SUPPLIED RECORDS >>
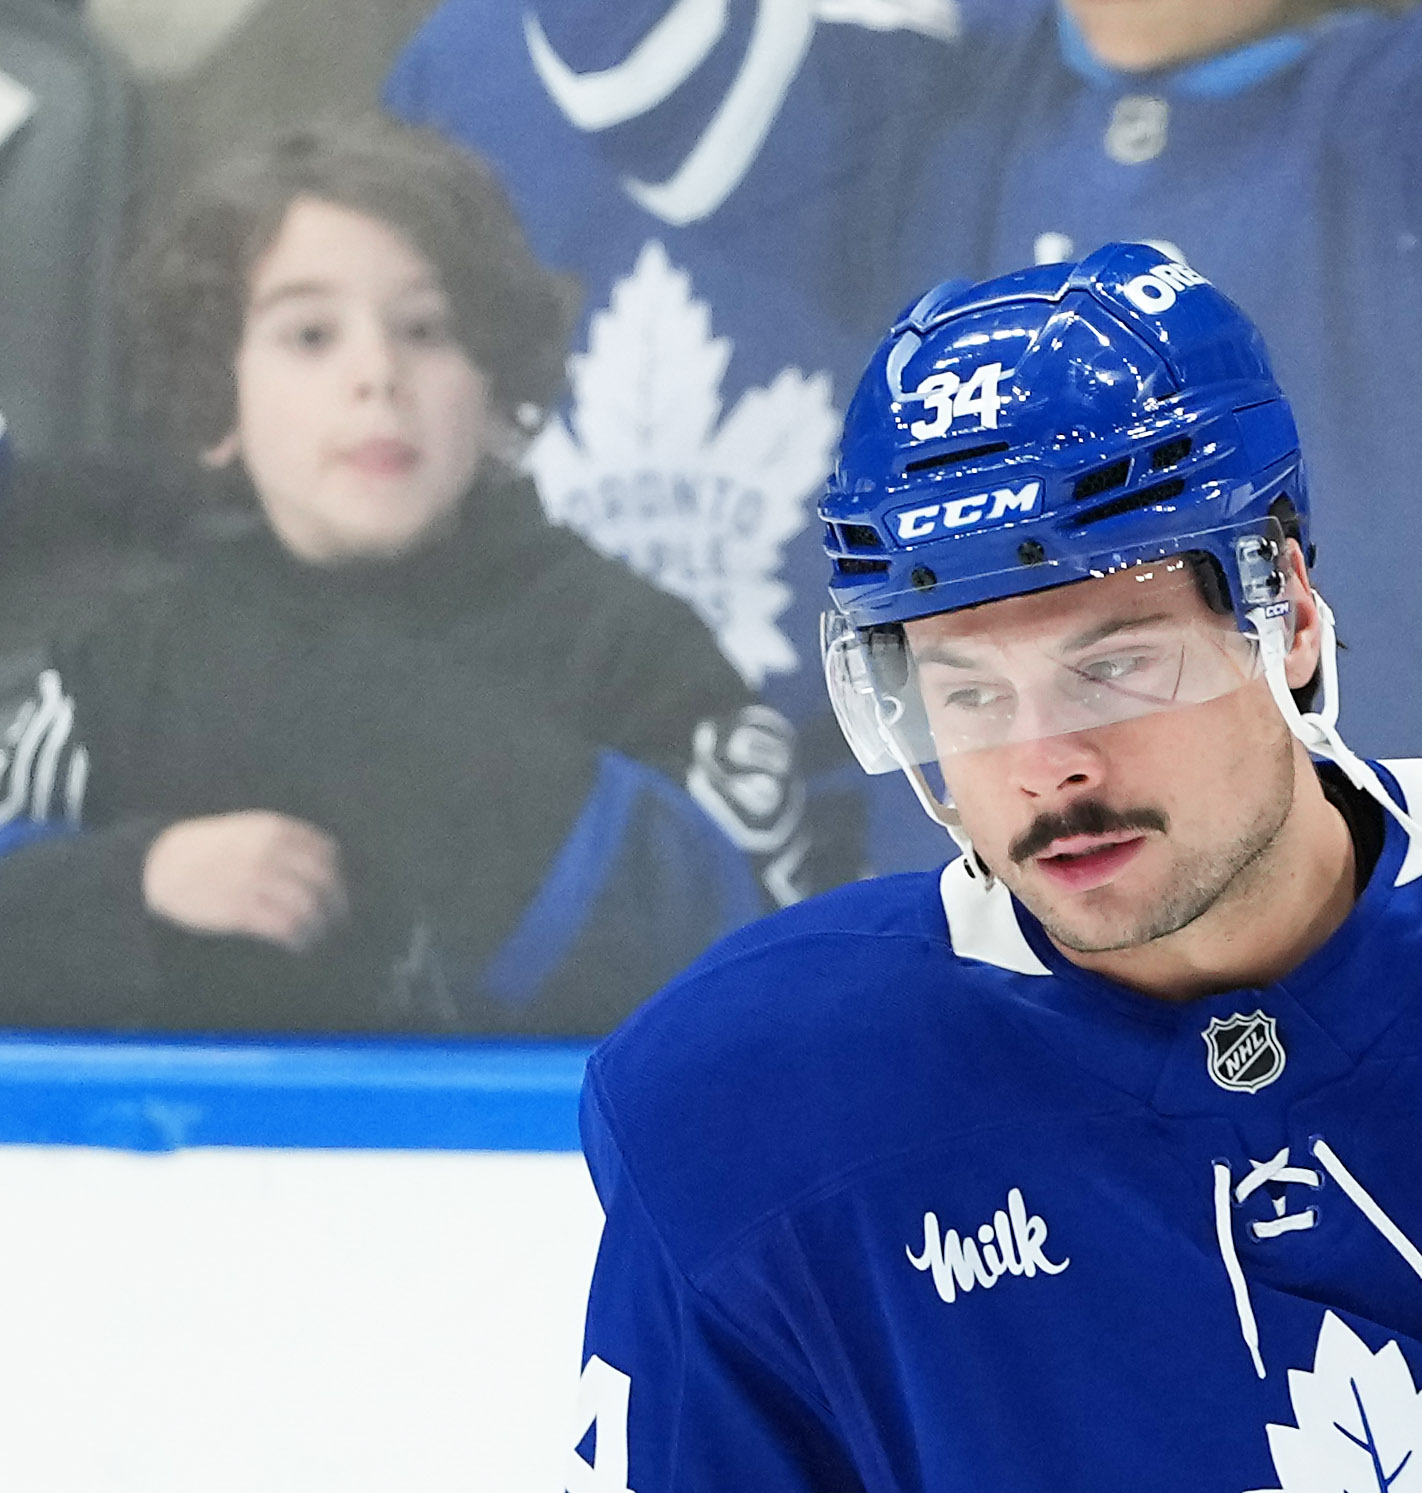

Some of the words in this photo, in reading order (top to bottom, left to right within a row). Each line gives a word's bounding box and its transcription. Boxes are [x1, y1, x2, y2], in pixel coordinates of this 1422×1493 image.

[1123, 262, 1212, 315] ORE
[911, 362, 1002, 441] 34
[556, 468, 766, 542] ORONTO
[897, 482, 1040, 540] CCM
[1225, 1031, 1265, 1078] NHL
[906, 1187, 1070, 1304] Milk
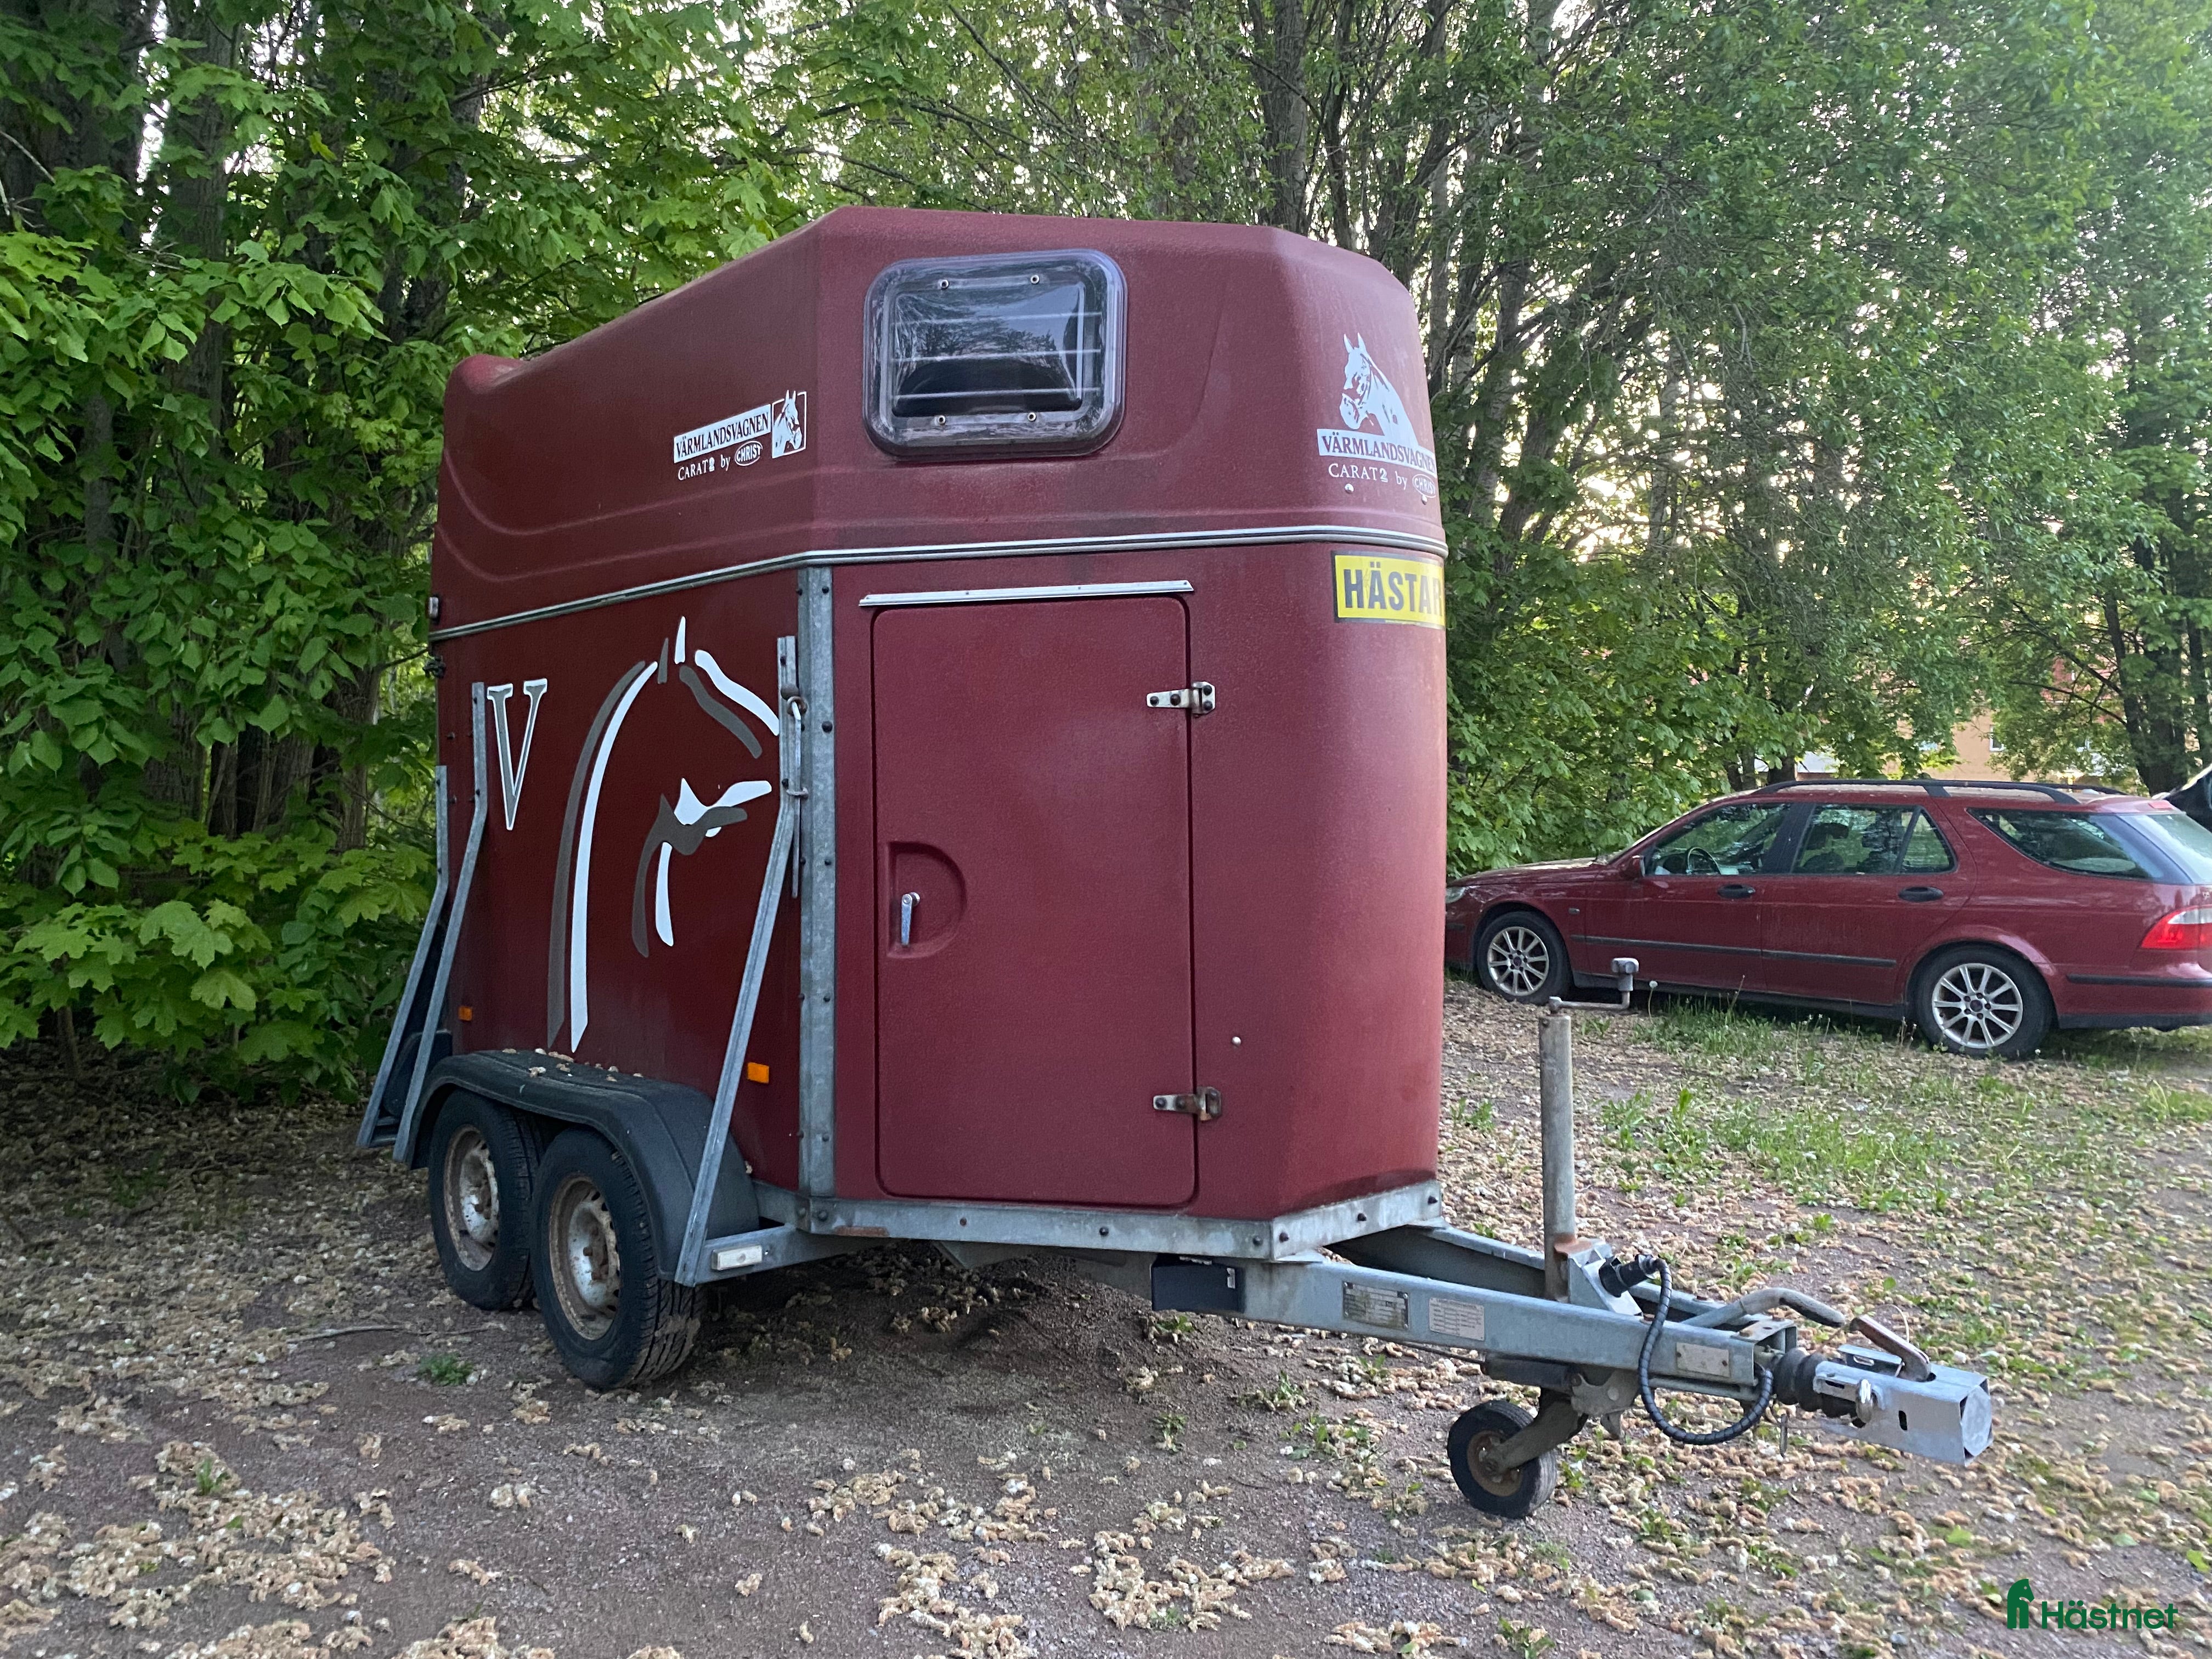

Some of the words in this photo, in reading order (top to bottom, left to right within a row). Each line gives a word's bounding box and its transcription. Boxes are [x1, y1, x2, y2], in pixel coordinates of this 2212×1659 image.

[676, 411, 769, 459] VÄRMLANDSVAGNEN
[720, 454, 731, 471] by
[736, 444, 761, 462] CHRIST
[1328, 463, 1389, 483] CARAT2
[1395, 471, 1408, 490] by
[487, 678, 548, 830] V

ABOUT THIS EXERCISE >>
In full and without changes, repeat the listing above, but not its pictures.

WORKED SOLUTION >>
Some of the words in this photo, in reading order (top to bottom, left to right within a row). Each line gives a word's bounding box and its transcription. Boxes are [x1, y1, x2, y2], in pixel coordinates of this 1422×1493 image.

[1123, 262, 1212, 315] ORE
[911, 362, 1002, 441] 34
[556, 468, 766, 542] ORONTO
[897, 482, 1040, 540] CCM
[1225, 1031, 1265, 1078] NHL
[906, 1187, 1070, 1304] Milk

Some of the words in this photo, in reading order (top to bottom, left to right within a row). Each line gives a word's bounding box and its transcription. Boxes are [x1, y1, x2, y2], in pixel coordinates of this 2212×1659 image.

[676, 411, 769, 459] VÄRMLANDSVAGNEN
[720, 454, 731, 471] by
[736, 444, 761, 462] CHRIST
[1328, 463, 1389, 483] CARAT2
[1395, 471, 1408, 490] by
[487, 678, 548, 830] V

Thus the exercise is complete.